Output the whole listing again, exactly as it reads.
*** Opening of DATA SHOWN ***
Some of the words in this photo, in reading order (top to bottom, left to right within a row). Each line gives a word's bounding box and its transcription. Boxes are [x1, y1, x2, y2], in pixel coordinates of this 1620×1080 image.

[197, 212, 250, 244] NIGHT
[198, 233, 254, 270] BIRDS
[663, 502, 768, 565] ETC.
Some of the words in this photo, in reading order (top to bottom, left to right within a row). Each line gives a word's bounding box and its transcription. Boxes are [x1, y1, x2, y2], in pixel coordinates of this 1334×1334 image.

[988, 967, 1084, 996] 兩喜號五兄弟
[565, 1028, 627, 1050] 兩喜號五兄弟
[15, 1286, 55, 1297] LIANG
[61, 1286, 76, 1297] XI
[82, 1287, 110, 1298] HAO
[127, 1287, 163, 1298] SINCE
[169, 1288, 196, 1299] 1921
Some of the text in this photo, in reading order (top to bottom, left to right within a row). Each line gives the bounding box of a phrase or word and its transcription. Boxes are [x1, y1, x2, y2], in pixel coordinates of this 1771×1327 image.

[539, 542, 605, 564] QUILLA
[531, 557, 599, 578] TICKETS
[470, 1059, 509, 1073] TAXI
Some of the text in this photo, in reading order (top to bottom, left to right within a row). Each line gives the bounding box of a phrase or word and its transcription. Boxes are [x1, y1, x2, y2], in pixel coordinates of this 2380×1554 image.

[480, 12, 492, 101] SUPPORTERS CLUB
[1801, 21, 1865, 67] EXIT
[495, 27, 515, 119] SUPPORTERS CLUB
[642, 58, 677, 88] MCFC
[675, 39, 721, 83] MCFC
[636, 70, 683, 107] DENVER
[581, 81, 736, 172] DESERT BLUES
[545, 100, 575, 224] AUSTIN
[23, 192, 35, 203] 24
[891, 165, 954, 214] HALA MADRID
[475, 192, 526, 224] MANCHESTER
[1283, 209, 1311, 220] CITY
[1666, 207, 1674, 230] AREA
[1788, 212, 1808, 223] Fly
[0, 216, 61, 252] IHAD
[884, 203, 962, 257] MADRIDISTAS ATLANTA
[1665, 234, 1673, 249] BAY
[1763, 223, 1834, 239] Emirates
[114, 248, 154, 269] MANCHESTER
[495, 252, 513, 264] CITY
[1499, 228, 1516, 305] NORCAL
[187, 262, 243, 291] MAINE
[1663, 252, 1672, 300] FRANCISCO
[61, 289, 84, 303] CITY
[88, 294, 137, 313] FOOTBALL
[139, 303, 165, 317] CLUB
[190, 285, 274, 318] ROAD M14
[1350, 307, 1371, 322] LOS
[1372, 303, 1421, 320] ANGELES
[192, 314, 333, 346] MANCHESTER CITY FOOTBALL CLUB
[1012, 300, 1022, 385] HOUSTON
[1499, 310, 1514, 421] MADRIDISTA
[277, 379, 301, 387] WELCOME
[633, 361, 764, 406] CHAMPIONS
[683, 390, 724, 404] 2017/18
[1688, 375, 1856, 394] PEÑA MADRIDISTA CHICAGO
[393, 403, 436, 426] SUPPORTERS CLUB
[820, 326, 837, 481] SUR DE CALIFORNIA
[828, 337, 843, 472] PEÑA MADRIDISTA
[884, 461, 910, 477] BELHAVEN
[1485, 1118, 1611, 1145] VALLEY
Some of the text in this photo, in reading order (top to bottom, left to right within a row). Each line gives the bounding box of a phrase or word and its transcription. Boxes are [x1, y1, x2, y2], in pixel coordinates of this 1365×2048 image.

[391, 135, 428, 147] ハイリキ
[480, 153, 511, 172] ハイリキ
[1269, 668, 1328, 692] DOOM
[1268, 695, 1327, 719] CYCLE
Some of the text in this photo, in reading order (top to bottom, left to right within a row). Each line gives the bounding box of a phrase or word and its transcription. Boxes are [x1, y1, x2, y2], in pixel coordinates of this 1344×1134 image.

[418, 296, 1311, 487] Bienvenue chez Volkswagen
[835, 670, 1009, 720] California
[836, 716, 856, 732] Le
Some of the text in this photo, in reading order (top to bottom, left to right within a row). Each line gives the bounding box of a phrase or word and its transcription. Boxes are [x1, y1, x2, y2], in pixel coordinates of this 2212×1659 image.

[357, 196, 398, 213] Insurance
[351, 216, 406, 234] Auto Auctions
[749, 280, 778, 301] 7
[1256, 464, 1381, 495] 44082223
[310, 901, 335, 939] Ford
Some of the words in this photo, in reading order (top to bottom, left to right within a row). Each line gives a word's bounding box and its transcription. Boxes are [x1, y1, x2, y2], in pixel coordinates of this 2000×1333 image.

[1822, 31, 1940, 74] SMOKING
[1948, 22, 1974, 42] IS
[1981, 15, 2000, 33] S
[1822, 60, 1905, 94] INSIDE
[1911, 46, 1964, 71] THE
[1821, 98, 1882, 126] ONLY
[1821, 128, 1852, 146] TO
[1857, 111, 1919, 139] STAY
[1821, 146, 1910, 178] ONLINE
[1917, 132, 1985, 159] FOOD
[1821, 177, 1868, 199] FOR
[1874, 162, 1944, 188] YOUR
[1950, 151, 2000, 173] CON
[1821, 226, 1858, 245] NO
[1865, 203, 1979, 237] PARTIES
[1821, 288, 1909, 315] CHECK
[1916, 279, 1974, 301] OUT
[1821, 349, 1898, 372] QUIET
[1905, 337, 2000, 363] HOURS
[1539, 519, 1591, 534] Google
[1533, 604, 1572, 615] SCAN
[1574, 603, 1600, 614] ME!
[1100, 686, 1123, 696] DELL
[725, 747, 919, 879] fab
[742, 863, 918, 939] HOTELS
*** Close of DATA SHOWN ***
EXERCISE RESULT:
Some of the words in this photo, in reading order (top to bottom, left to right within a row). Each line gives a word's bounding box and its transcription. Boxes are [x1, y1, x2, y2], in pixel coordinates of this 1620×1080 image.

[197, 212, 250, 244] NIGHT
[198, 233, 254, 270] BIRDS
[663, 502, 768, 565] ETC.
Some of the words in this photo, in reading order (top to bottom, left to right within a row). Each line gives a word's bounding box and its transcription. Boxes are [x1, y1, x2, y2], in pixel coordinates of this 1334×1334 image.

[988, 967, 1084, 996] 兩喜號五兄弟
[565, 1028, 627, 1050] 兩喜號五兄弟
[15, 1286, 55, 1297] LIANG
[61, 1286, 76, 1297] XI
[82, 1287, 110, 1298] HAO
[127, 1287, 163, 1298] SINCE
[169, 1288, 196, 1299] 1921
Some of the text in this photo, in reading order (top to bottom, left to right within a row). Each line gives the bounding box of a phrase or word and its transcription. Boxes are [x1, y1, x2, y2], in pixel coordinates of this 1771×1327 image.

[539, 542, 605, 564] QUILLA
[531, 557, 599, 578] TICKETS
[470, 1059, 509, 1073] TAXI
Some of the text in this photo, in reading order (top to bottom, left to right within a row). Each line gives the bounding box of a phrase or word and its transcription. Boxes are [x1, y1, x2, y2], in pixel coordinates of this 2380×1554 image.

[480, 12, 492, 101] SUPPORTERS CLUB
[1801, 21, 1865, 67] EXIT
[495, 27, 515, 119] SUPPORTERS CLUB
[642, 58, 677, 88] MCFC
[675, 39, 721, 83] MCFC
[636, 70, 683, 107] DENVER
[581, 81, 736, 172] DESERT BLUES
[545, 100, 575, 224] AUSTIN
[23, 192, 35, 203] 24
[891, 165, 954, 214] HALA MADRID
[475, 192, 526, 224] MANCHESTER
[1283, 209, 1311, 220] CITY
[1666, 207, 1674, 230] AREA
[1788, 212, 1808, 223] Fly
[0, 216, 61, 252] IHAD
[884, 203, 962, 257] MADRIDISTAS ATLANTA
[1665, 234, 1673, 249] BAY
[1763, 223, 1834, 239] Emirates
[114, 248, 154, 269] MANCHESTER
[495, 252, 513, 264] CITY
[1499, 228, 1516, 305] NORCAL
[187, 262, 243, 291] MAINE
[1663, 252, 1672, 300] FRANCISCO
[61, 289, 84, 303] CITY
[88, 294, 137, 313] FOOTBALL
[139, 303, 165, 317] CLUB
[190, 285, 274, 318] ROAD M14
[1350, 307, 1371, 322] LOS
[1372, 303, 1421, 320] ANGELES
[192, 314, 333, 346] MANCHESTER CITY FOOTBALL CLUB
[1012, 300, 1022, 385] HOUSTON
[1499, 310, 1514, 421] MADRIDISTA
[277, 379, 301, 387] WELCOME
[633, 361, 764, 406] CHAMPIONS
[683, 390, 724, 404] 2017/18
[1688, 375, 1856, 394] PEÑA MADRIDISTA CHICAGO
[393, 403, 436, 426] SUPPORTERS CLUB
[820, 326, 837, 481] SUR DE CALIFORNIA
[828, 337, 843, 472] PEÑA MADRIDISTA
[884, 461, 910, 477] BELHAVEN
[1485, 1118, 1611, 1145] VALLEY
Some of the text in this photo, in reading order (top to bottom, left to right within a row). Each line gives the bounding box of a phrase or word and its transcription. Boxes are [x1, y1, x2, y2], in pixel coordinates of this 1365×2048 image.

[391, 135, 428, 147] ハイリキ
[480, 153, 511, 172] ハイリキ
[1269, 668, 1328, 692] DOOM
[1268, 695, 1327, 719] CYCLE
Some of the text in this photo, in reading order (top to bottom, left to right within a row). Each line gives the bounding box of a phrase or word and its transcription. Boxes are [x1, y1, x2, y2], in pixel coordinates of this 1344×1134 image.

[418, 296, 1311, 487] Bienvenue chez Volkswagen
[835, 670, 1009, 720] California
[836, 716, 856, 732] Le
Some of the text in this photo, in reading order (top to bottom, left to right within a row). Each line gives the bounding box of a phrase or word and its transcription. Boxes are [x1, y1, x2, y2], in pixel coordinates of this 2212×1659 image.

[357, 196, 398, 213] Insurance
[351, 216, 406, 234] Auto Auctions
[749, 280, 778, 301] 7
[1256, 464, 1381, 495] 44082223
[310, 901, 335, 939] Ford
Some of the words in this photo, in reading order (top to bottom, left to right within a row). Each line gives a word's bounding box and its transcription. Boxes are [x1, y1, x2, y2], in pixel coordinates of this 2000×1333 image.

[1822, 31, 1940, 74] SMOKING
[1948, 22, 1974, 42] IS
[1981, 15, 2000, 33] S
[1822, 60, 1905, 94] INSIDE
[1911, 46, 1964, 71] THE
[1821, 98, 1882, 126] ONLY
[1821, 128, 1852, 146] TO
[1857, 111, 1919, 139] STAY
[1821, 146, 1910, 178] ONLINE
[1917, 132, 1985, 159] FOOD
[1821, 177, 1868, 199] FOR
[1874, 162, 1944, 188] YOUR
[1950, 151, 2000, 173] CON
[1821, 226, 1858, 245] NO
[1865, 203, 1979, 237] PARTIES
[1821, 288, 1909, 315] CHECK
[1916, 279, 1974, 301] OUT
[1821, 349, 1898, 372] QUIET
[1905, 337, 2000, 363] HOURS
[1539, 519, 1591, 534] Google
[1533, 604, 1572, 615] SCAN
[1574, 603, 1600, 614] ME!
[1100, 686, 1123, 696] DELL
[725, 747, 919, 879] fab
[742, 863, 918, 939] HOTELS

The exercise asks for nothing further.